How could the actions be scaled up at the neighborhood or city level? / Comment serait-il possible d'augmenter la portée des actions à l'échelle des quartiers ou de la ville?

Our project pilot has been written to be launched with all 14 Cupertino schools and their families, with cooperation and participation from as many local businesses as possible. We'd like to start smaller with this audience to test if the app and gamification strategies we employ will actually work to incentivize behavior change and change school travel behaviors. In this sense, it is already written to be scaled at a neighborhood level, as our schools are neighborhood-based schools. We are targeting 14 different neighborhoods with our project.

This program could eventually be scaled up to include more residents in Cupertino by opening up the app to more users and onboarding more local businesses to participate. We would do this primarily by working through our different user-groups to help us market and spread the word to their respective networks.
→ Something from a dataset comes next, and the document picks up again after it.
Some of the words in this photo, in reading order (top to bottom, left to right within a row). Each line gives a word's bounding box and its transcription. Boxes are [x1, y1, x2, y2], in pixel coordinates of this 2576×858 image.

We would incentivize these folks to help us spread the word by rewarding them with points and currency in the app, further strengthening our own program.

The more residents that participate in the program and demand acceptance of local currency at local businesses, the more local businesses will join. As more businesses join, more currency circulates in the system and more places and opportunities to spend the currency arise, thus making it more appealing for residents to earn currency through their own sustainable behavior changes. The program continues to grow and circulate locally!
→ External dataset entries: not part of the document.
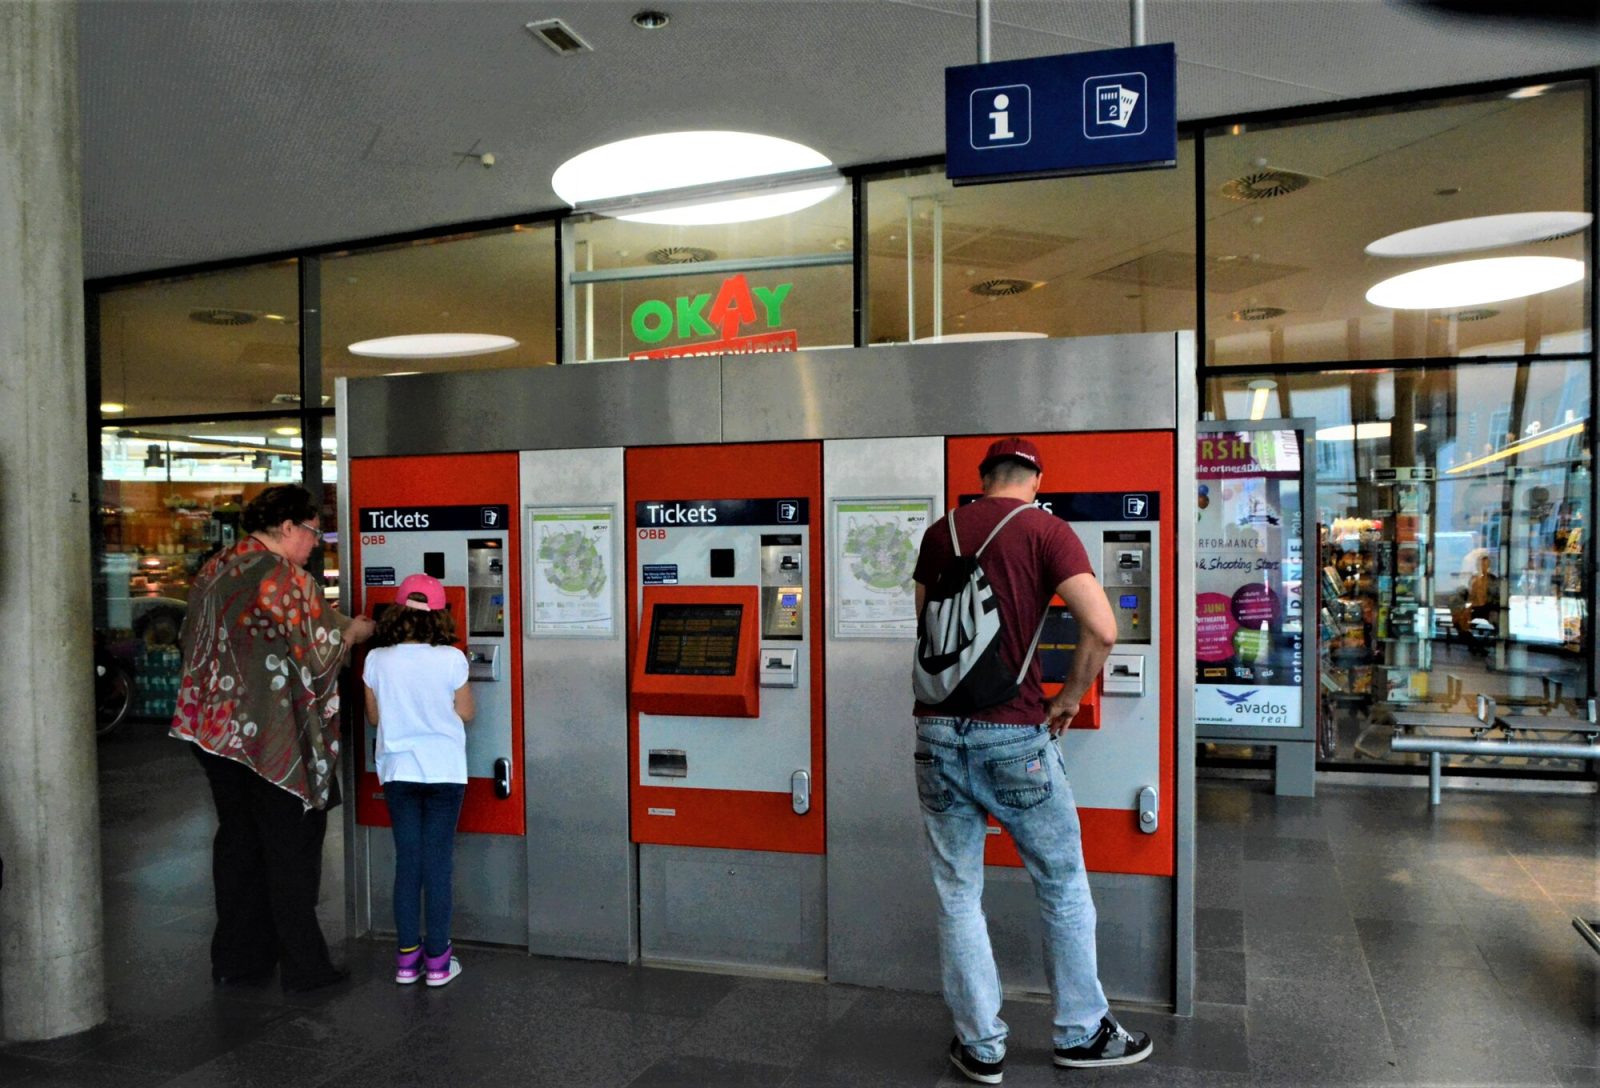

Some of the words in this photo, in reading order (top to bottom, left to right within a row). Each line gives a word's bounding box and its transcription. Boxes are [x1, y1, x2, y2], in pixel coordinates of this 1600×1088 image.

[631, 273, 793, 343] OKAY
[368, 510, 430, 529] Tickets
[647, 503, 717, 523] Tickets
[1207, 556, 1253, 574] Shooting
[923, 566, 1001, 658] NIKE
[1235, 701, 1287, 714] avados
[1260, 716, 1287, 724] real
What impact will these actions have on reducing greenhouse gas emissions and adapting to climate change? / Quels impacts auront ces actions sur la réduction des émissions de gaz à effet de serre et l'adaptation aux changements climatiques?

In Cupertino 80% of adults drive alone to work, 50% of students arrive at school in single family vehicles, and annual vehicle miles traveled has increased by 6% from 2015. The average passenger vehicle emits 411 grams of CO2 per mile, so these trips are a significant source of air pollution and greenhouse gas emissions in our county.
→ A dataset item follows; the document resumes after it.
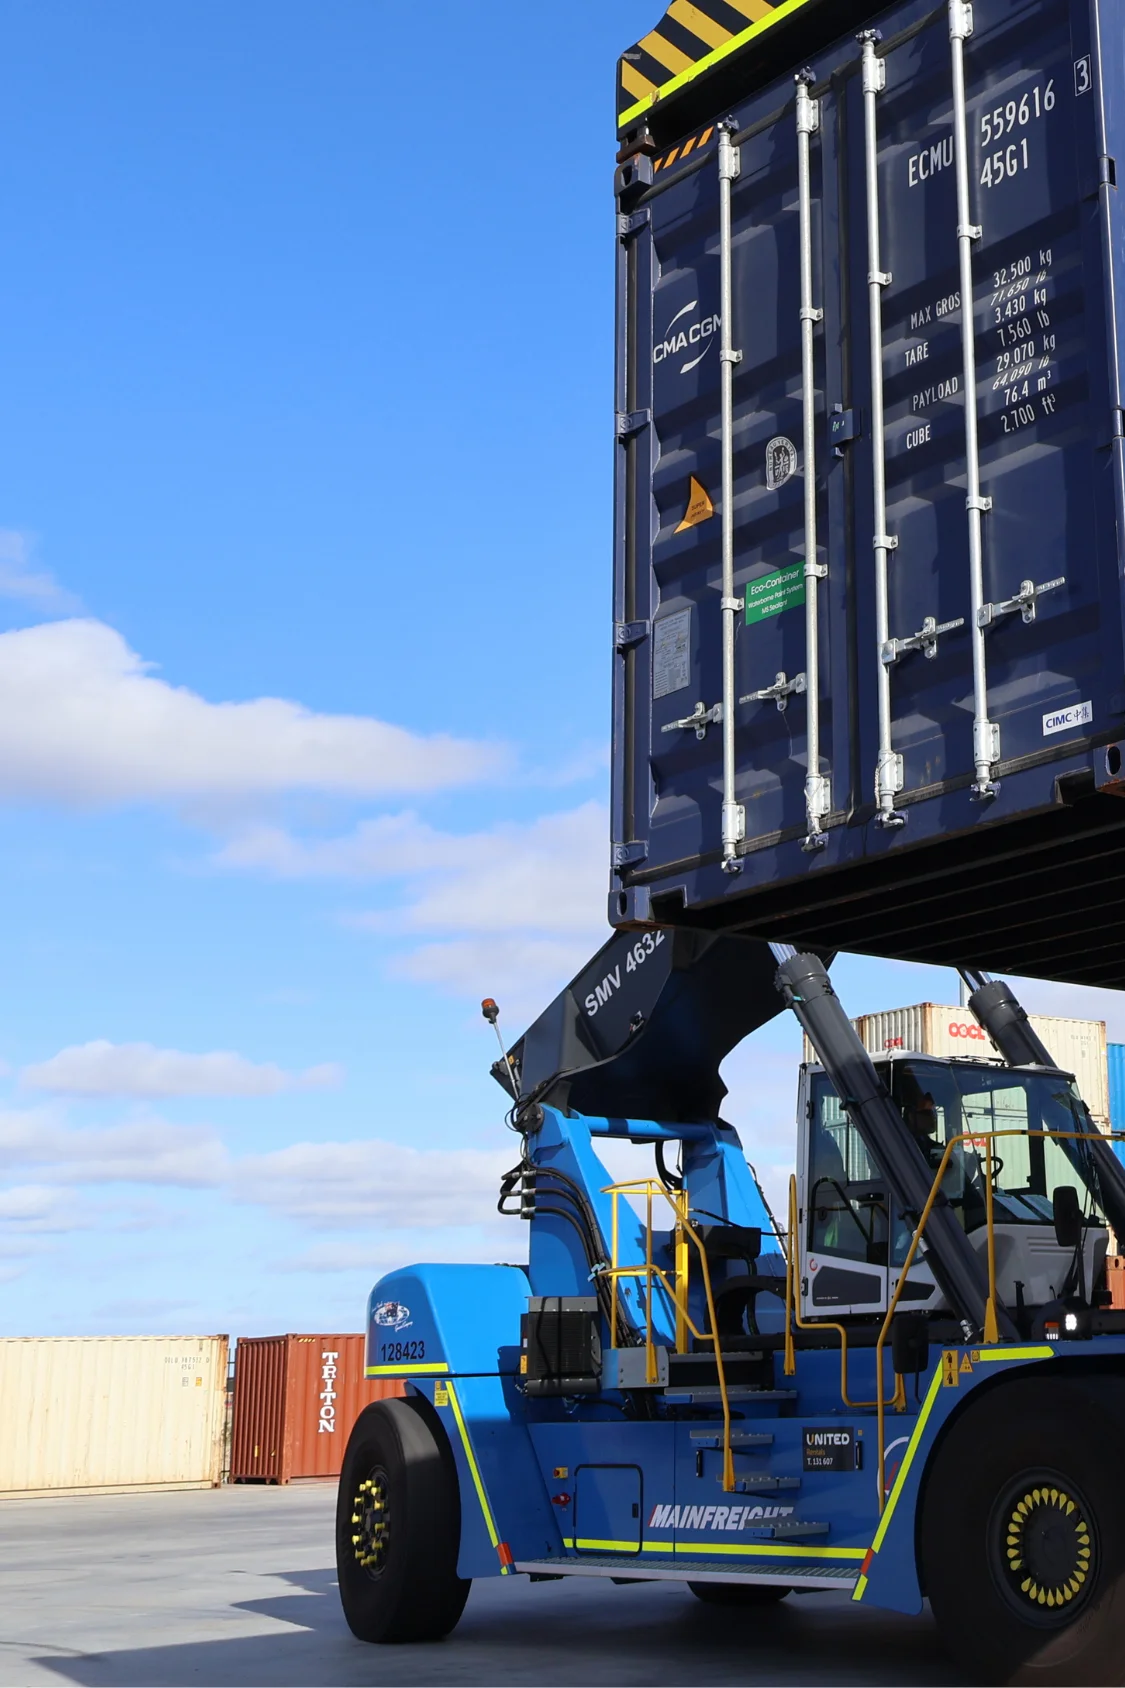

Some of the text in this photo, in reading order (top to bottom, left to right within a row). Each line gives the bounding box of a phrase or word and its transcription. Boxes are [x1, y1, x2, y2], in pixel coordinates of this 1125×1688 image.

Even if everyone drove zero-emission vehicles, there is simply not enough space on roadways to accommodate the demand for single occupancy (and single family) vehicles. Urban sprawl, a housing shortage, inconvenient transit systems, and a lack of bicycle and pedestrian infrastructure have created a system where driving alone is the default mode. Additionally, tech companies who have tried to mitigate the impact of traffic on their employees have circumvented the inconvenience of public transit systems and undercut them with their own private mass transportation. If unaddressed, it is likely that jobs and people will relocate from the region to find cheaper housing and living costs and traffic and reckless driving on local roads will worsen as the economy grows, school enrollment increases, and desperate commuters try to circumvent clogged freeways.  We will continue to see a rise in obesity rates and a decline in public health. We need a new system.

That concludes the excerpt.